Fitz is a “typical fifteen-year-old boy. A sophomore on the B honor roll. A kid with a messy room, an electric guitar, a notebook full of song lyrics, vague dreams about doing something great some day, a crush on a red-haired girl.”

And like many other teens, Fitz (short for Fitzgerald) lives with his single mom. His father is an unknown entity; his mother doesn’t talk about him and although he supports Fitz financially, Fitz knows nothing about him.
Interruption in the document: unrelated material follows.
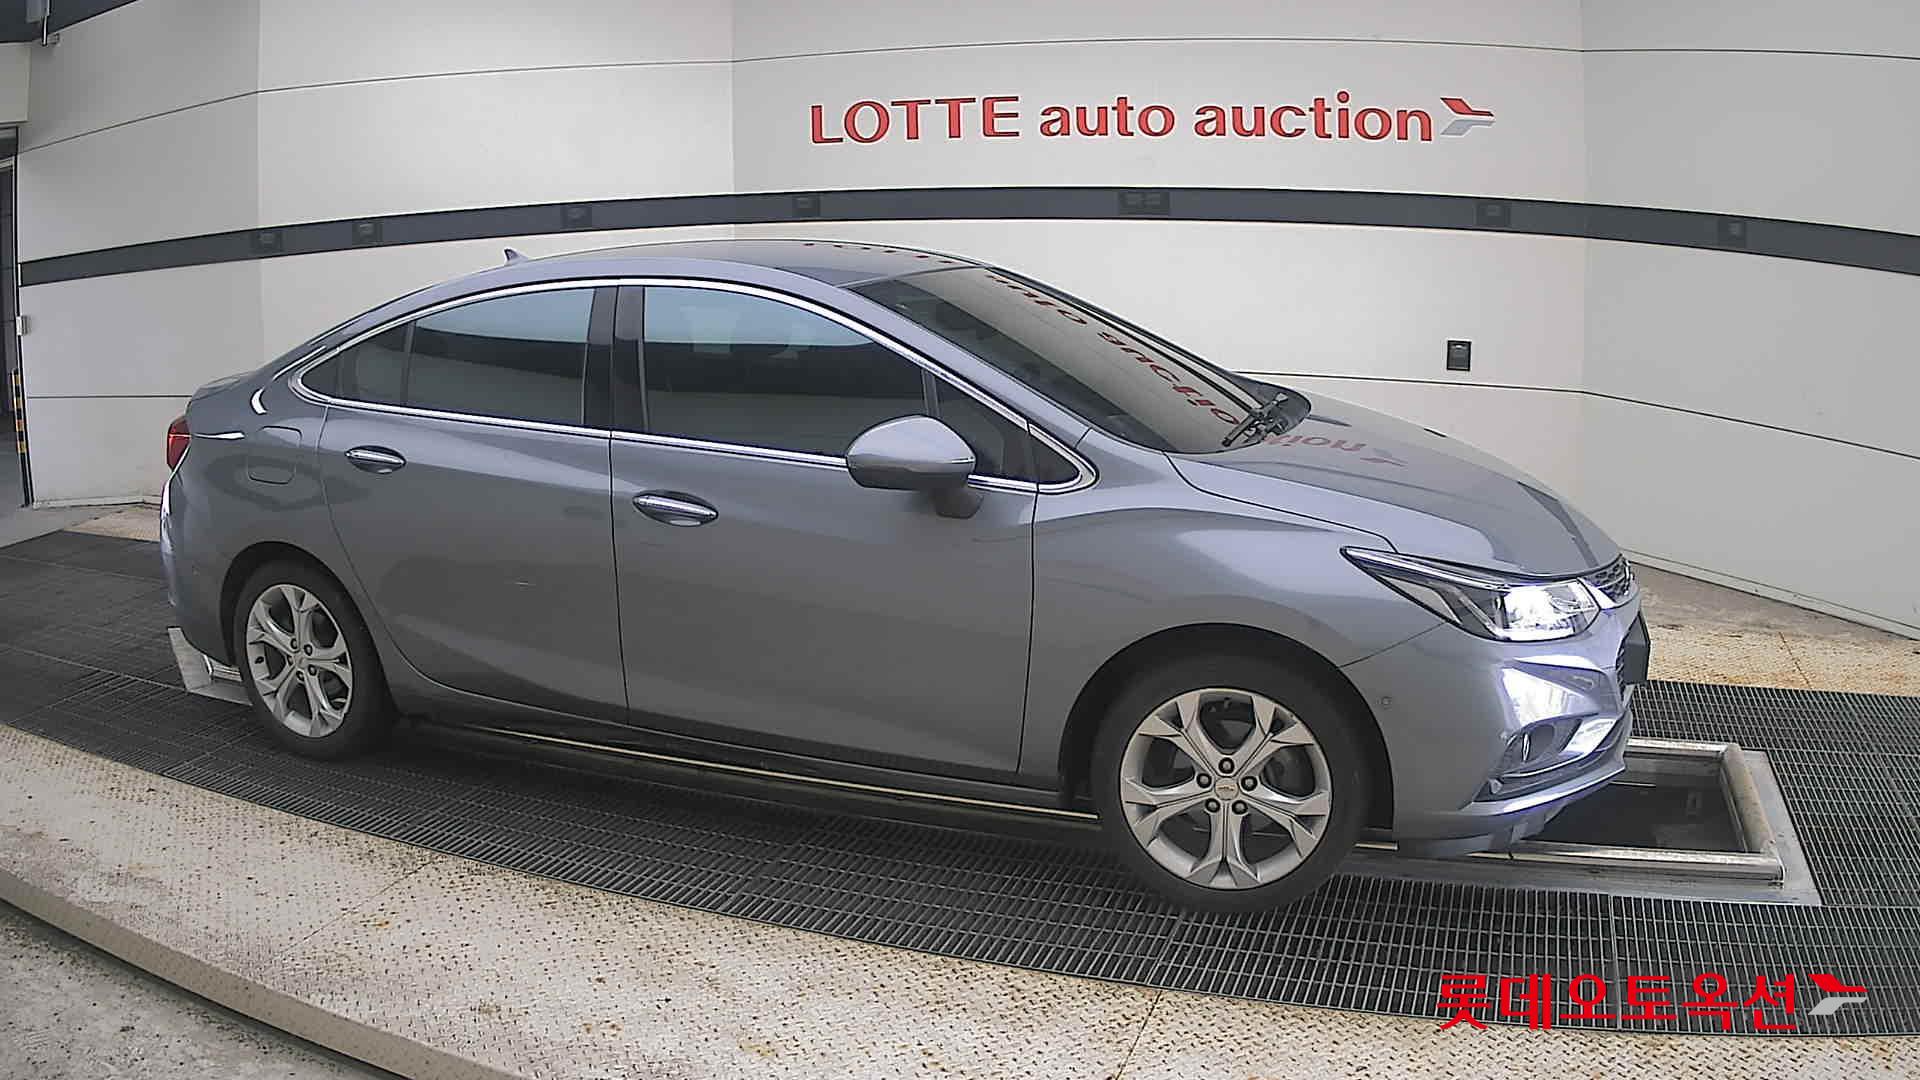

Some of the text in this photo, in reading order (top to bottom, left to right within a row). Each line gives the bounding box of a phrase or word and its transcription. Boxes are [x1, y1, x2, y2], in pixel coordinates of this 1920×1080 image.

[810, 90, 1434, 144] LOTTE auto auction
That doesn’t mean Fitz doesn’t think about him, though.

When Fitz was a little boy, he liked to imagine that his father was quietly, secretly watching over him, loving him, for his own good and unselfish reasons, from a distance.

Circumstances have changed, though. Fitz has inadvertently discovered his father’s home address and he’s decided to confront his dad, which, sure, that seems plausible enough. What doesn’t seem quite as likely is the fact that Fitz takes a gun with him and pretty much kidnaps his father. It’s a scenario that could go horribly wrong.

Turns out, though, that Fitz’s father, Curtis, is a decent guy – clearly, he’s been paying support all these years. Over the course of the day the two listen to music, hang out at the zoo, have lunch and visit Curtis’s office (he’s an attorney). As the day unfolds, Fitz tries to figure out what it is he really wants to know about his dad and Curtis, it seems, is only too willing to talk, has – in fact – been waiting for fifteen years to have this conversation with his son. It’s kind of sweet, really.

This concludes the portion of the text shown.